Liang Suilong wrote:
VirtualBox allows users to use a real partition for VMs, however, there is no GUI tools for doing that. You have to use VBoxManage command. User manual tells you how to do that.
This is - as you mentioned - a deliberate decision. There are certain features in VirtualBox which are only available on the command line. The reason is that the GUI should be reasonably safe for all users, including beginners. And think about how often you (or others) would use this feature - would you really gain a lot by GUI support? Additionally we'd rather spend the available resources on things which have more impact. If you want you can contribute GUI support, provided that it addresses the basic usability requirements of such a dangerous feature.
I repeat the reasons below, but they have been mentioned several times already, and so far I haven't seen any reason to change our position.
Why don't they offer a GUI tool for managing real partitions? An official announcement says that VM running in a real partition is too unsafe. If some guy modifies some files on this partition in the host, VM maybe crashes. In fact, we can turn off the write privilege to prohibit any modifications. So I do not know why VirtualBox does not offer a GUI tool for managing real partitions for VM.
The argument "can turn off write privilege" isn't worth anything in reality. All relevant guest OSes totally freak out on readonly hard disks/partitions. They assume that they can write to filesystems, and they will do that usually immediately on mounting.

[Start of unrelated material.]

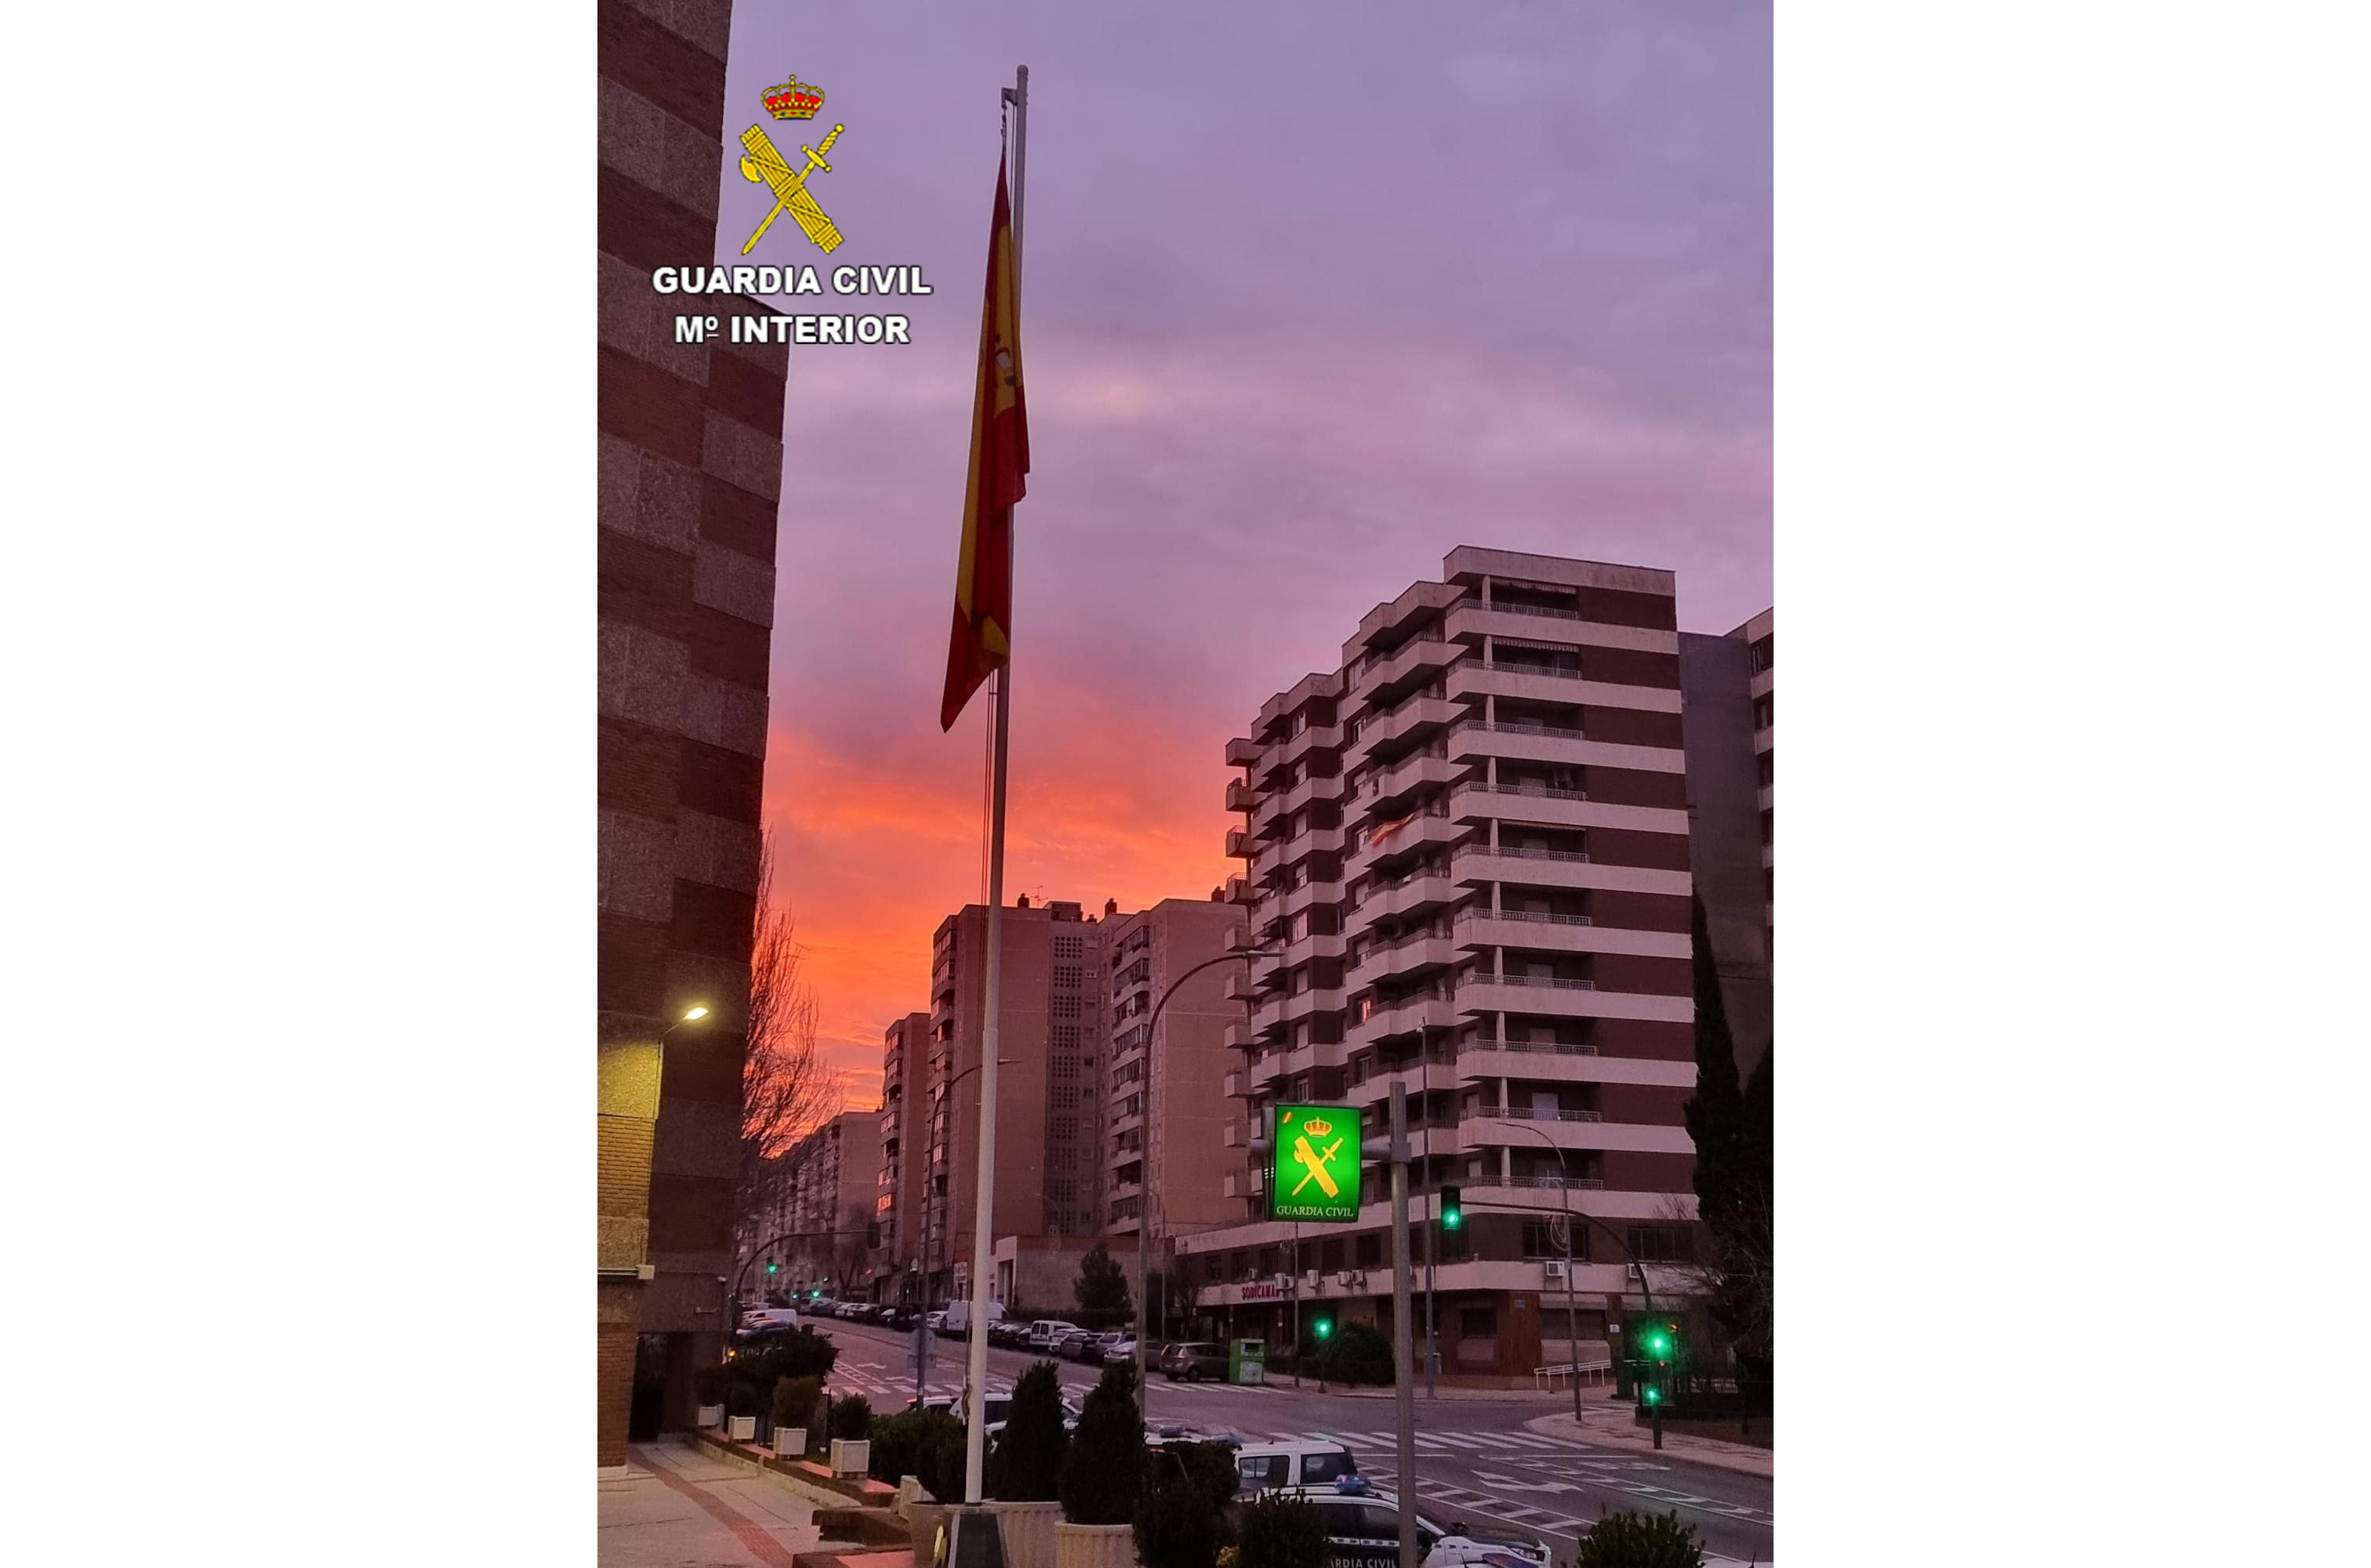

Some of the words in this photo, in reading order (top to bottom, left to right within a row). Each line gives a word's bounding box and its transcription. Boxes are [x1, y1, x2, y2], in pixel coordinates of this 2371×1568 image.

Most Windows users (and a quickly growing number of users of other OSes) don't know how to avoid mounting filesystems which should be used by the guest - and thus both the host and the guest could potentially perform writes. This can lead to severe filesystem corruption, data loss, host/guest OS crashes and what not.
If we offered it in the GUI users would play with it, and destroy their data. All such user errors would be attributed to VirtualBox. That's why we have documented this in the manual (with a very clear warning), and use the command line to discourage inexperienced users.
Showing some text in a confirmation dialog box isn't the same thing. Users don't read such dialogs. They just click around to make them disappear. This is clearly visible by the frequency in which people ask "how do I leave seamless mode?" - the information was shown to them in a confirmation dialog just minutes ago usually.
There is no point in discussing this over and over again, unless you have a really convincing argument (and a safe to use GUI prototype would count as one) how to make this sufficiently safe.